Because of the increasingly stringent environmental limitations relative to pollutants (nitrogen oxides, unburned hydrocarbons, carbon monoxide) discharged by combustion processes, it is necessary to find new technologies allowing to greatly reduce these emissions. Several conventional solutions are well-known to the man skilled in the art:
selective exhaust gas reduction (SCR): thus, the selective reduction of nitrogen oxides by ammonium hydroxide allows NOx contents to be reduced to about 10 ppm. However, this solution requires a particular reactor, storage and use of ammonium hydroxide; the installation and operating costs of such a system are therefore high;
water or steam injection: such an injection lowers the temperature reached by the combustion gases, thus reducing significantly the NOx contents to about 50 ppm. The cost brought about by the addition of such a device is low. However, the operating costs of such an installation are high notably because of the purification of the water prior to the injection; besides, the overconsumption of fuel due to an energy efficiency decrease also raises the operating cost. Furthermore, although the water injection is sufficient to pass the current standards, it will not allow to comply with future NOx standards;
a lean-mixture primary zone: this technology is based on the improvement of the air-fuel mixture homogeneity. It allows to bring the NOx emissions down to about 50 ppm, but this decrease is obtained to the detriment of the carbon monoxide and unburned hydrocarbon emissions that are increased.

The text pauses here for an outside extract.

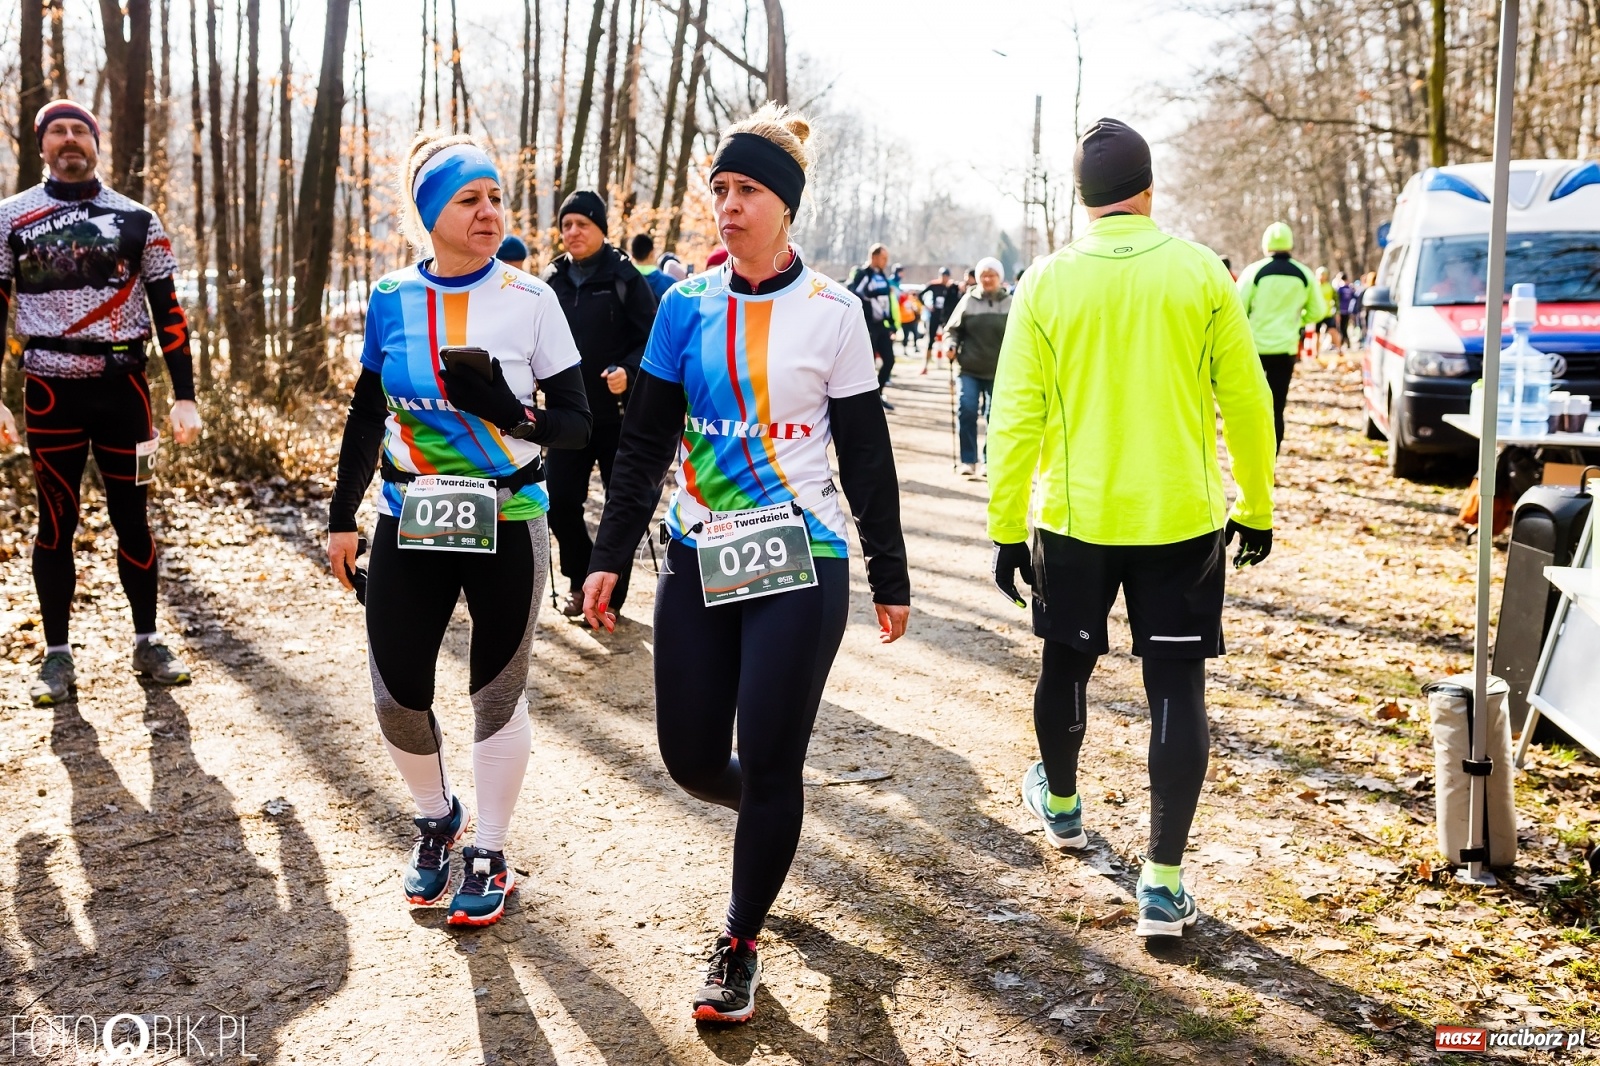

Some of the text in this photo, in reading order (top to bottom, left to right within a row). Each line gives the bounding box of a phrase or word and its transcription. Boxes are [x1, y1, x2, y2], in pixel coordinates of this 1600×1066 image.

Catalytic combustion is an attractive solution for meeting increasingly stringent pollutant limitation standards. In fact, the catalytic combustion chamber advantageously replaces conventional burners because it allows better total oxidation control in a wide range of the air-hydrocarbon ratio values, thus greatly reducing nitrogen oxides, unburned hydrocarbons and carbon monoxide emissions. It should also be mentioned that it allows to burn a very great variety of compounds.
As described notably by D. Reay in "Catalytic Combustion: Current Status and Implications for Energy Efficiency in the Process Industries--Heat Recovery Systems & CHP", 13, No 5, pp. 383-390, 1993, and by D. Jones and S. Salfati in "Rev. Gen. Therm. Fr." No 330-331, pp. 401-406, June-July 1989, catalytic combustion has many applications: radiant panels and tubes, catalytic stoves, gas turbines, cogeneration, burners, catalytic sleeves for steam reforming tubes, production of hot gases in the field of direct contact heating and catalytic plate reactors.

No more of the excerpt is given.